Michael Cline
1950 - Present
Michael Cline occupa lo spazio scomodo che molte grandi frodi richiedono: non il genio del male, ma un abilitante le cui azioni hanno aiutato il meccanismo a muoversi. Nell'ecosistema Petters, persone come Cline erano importanti perché schemi complessi raramente funzionano solo grazie al carisma di una persona. Hanno bisogno di broker, consulenti, negoziatori e intermediari che possano tradurre una storia in transazioni. Il registro pubblico attorno a ciascun partecipante non è sempre ugualmente completo, ma il ruolo di tali figure è abbastanza chiaro: aiutano a rendere l'impresa leggibile per gli esterni.
È questo che rende Cline degno di essere esaminato come personaggio piuttosto che semplicemente come nome. In uno schema come quello di Petters, l'azione morale centrale è spesso lo spostamento: la responsabilità è divisa, sfocata e diffusa attraverso strati di rispettabilità professionale fino a quando nessuno può indicare un singolo momento e dire che la frode è iniziata lì. Cline sembra aver operato in quella zona grigia, dove ambizione, accesso e plausibilità si sovrappongono. Non era necessariamente l'architetto della finzione, ma ha contribuito a fornirle forma istituzionale.

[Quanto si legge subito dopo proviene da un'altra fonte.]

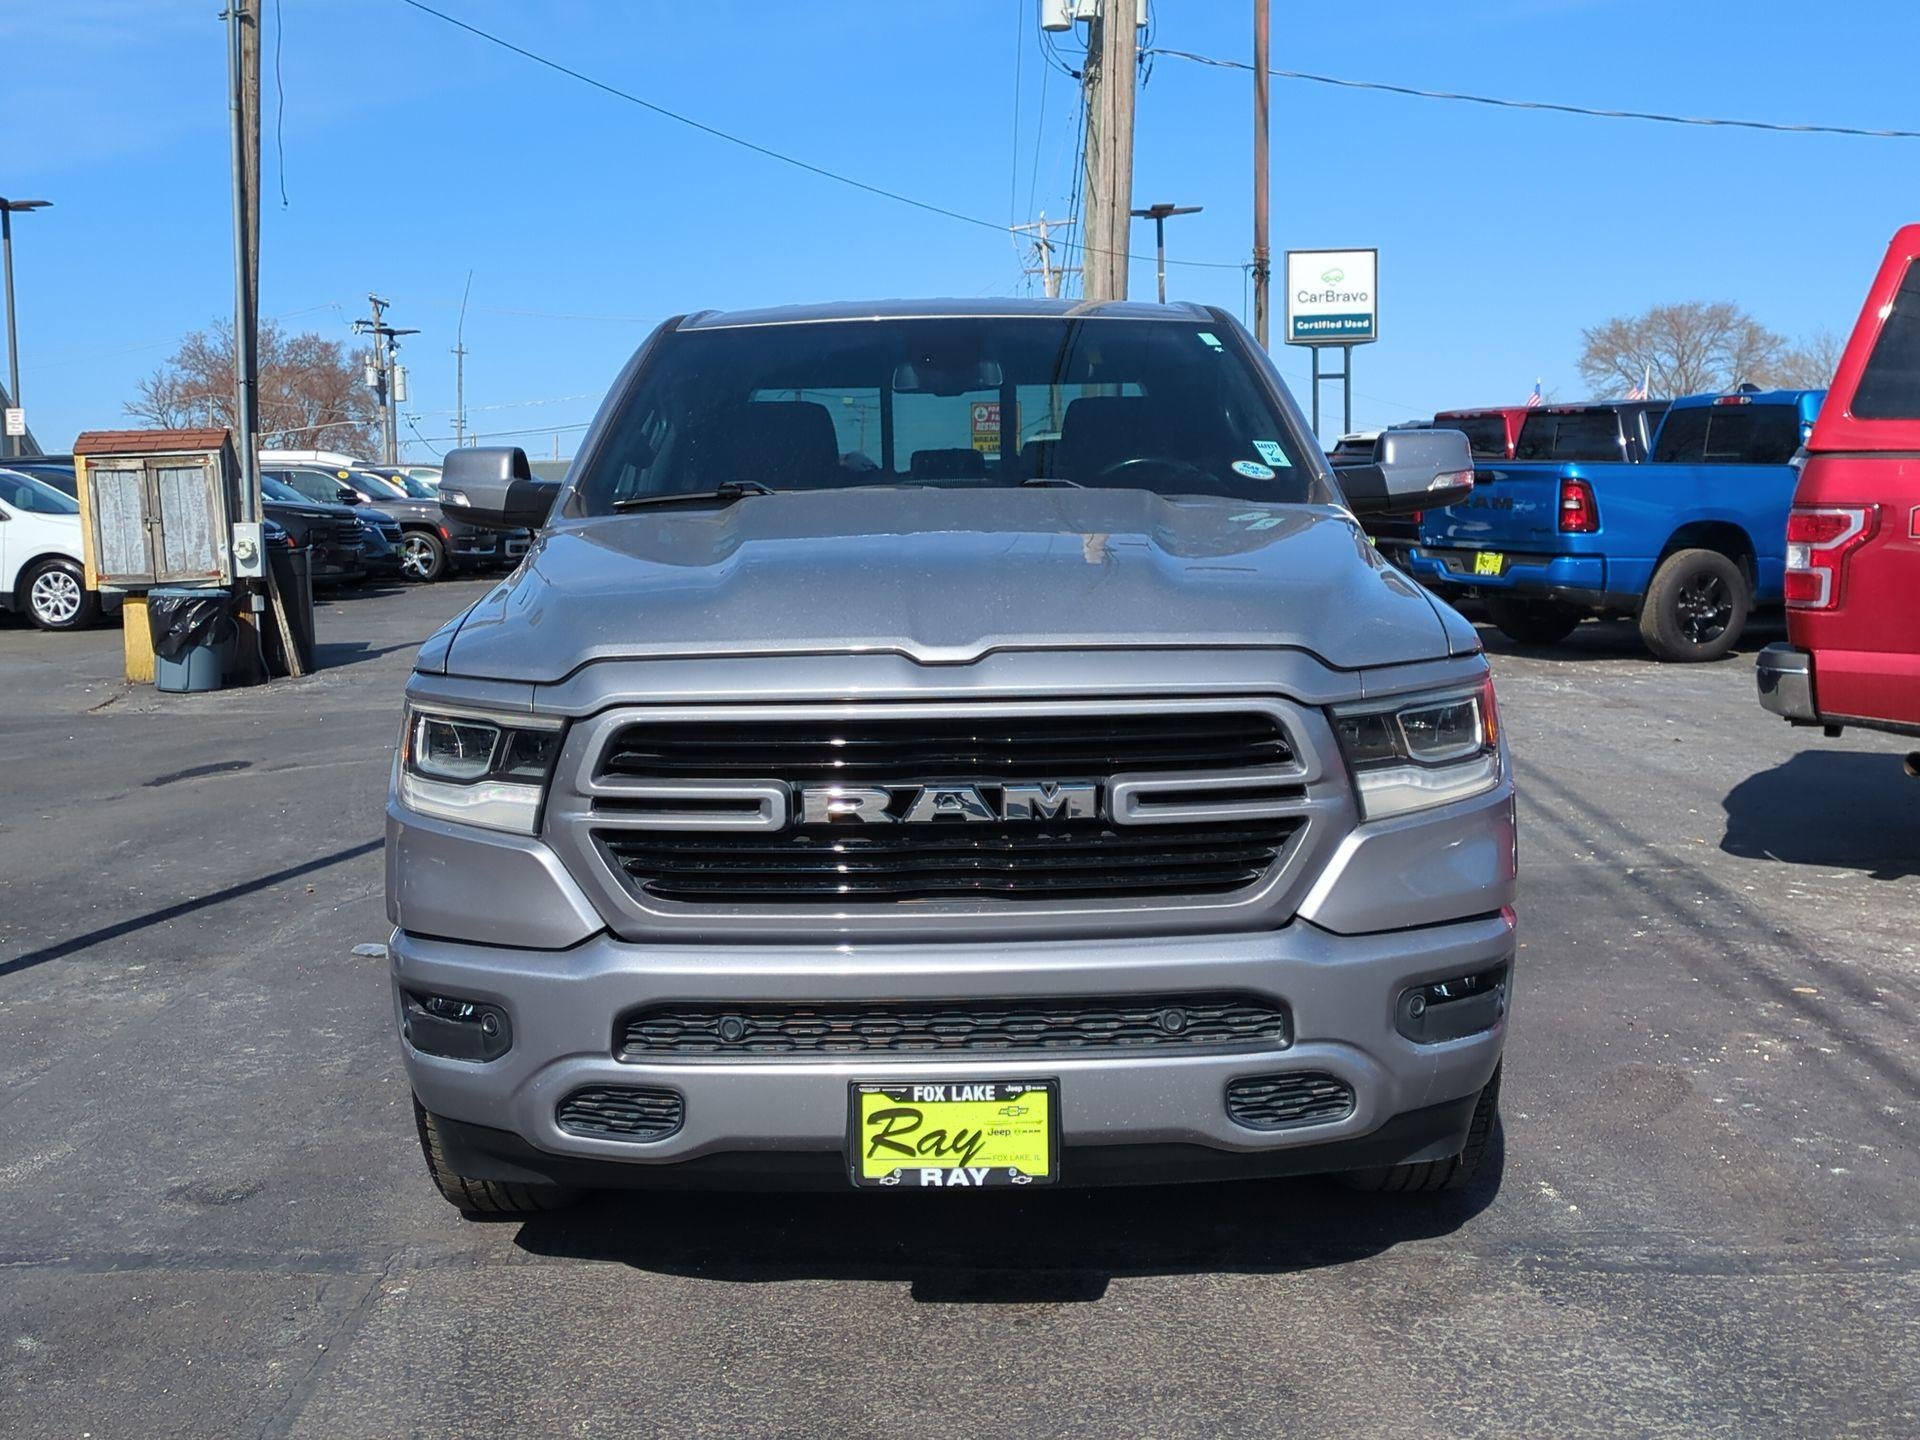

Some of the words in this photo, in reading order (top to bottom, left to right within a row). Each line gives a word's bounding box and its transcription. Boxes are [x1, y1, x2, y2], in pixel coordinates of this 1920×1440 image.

Ciò che spinge una persona a quella sorta di prossimità alla frode è raramente semplice avidità. Più spesso è un composto di incentivi: il desiderio di rimanere importanti, la seduzione di essere vicini al potere, la convinzione che la propria esperienza possa domare un operatore rischioso e la vanità professionale di vedersi come indispensabili. Gli uomini in questi ruoli spesso si dicono che sono al di sopra del caos perché non sono loro a firmare le fatture false, a muovere il denaro o a inventare la storia falsa. Ma quella distinzione può essere una sorta di anestesia morale. Se aiuti a costruire il ponte, non basta dire che non controllavi il traffico.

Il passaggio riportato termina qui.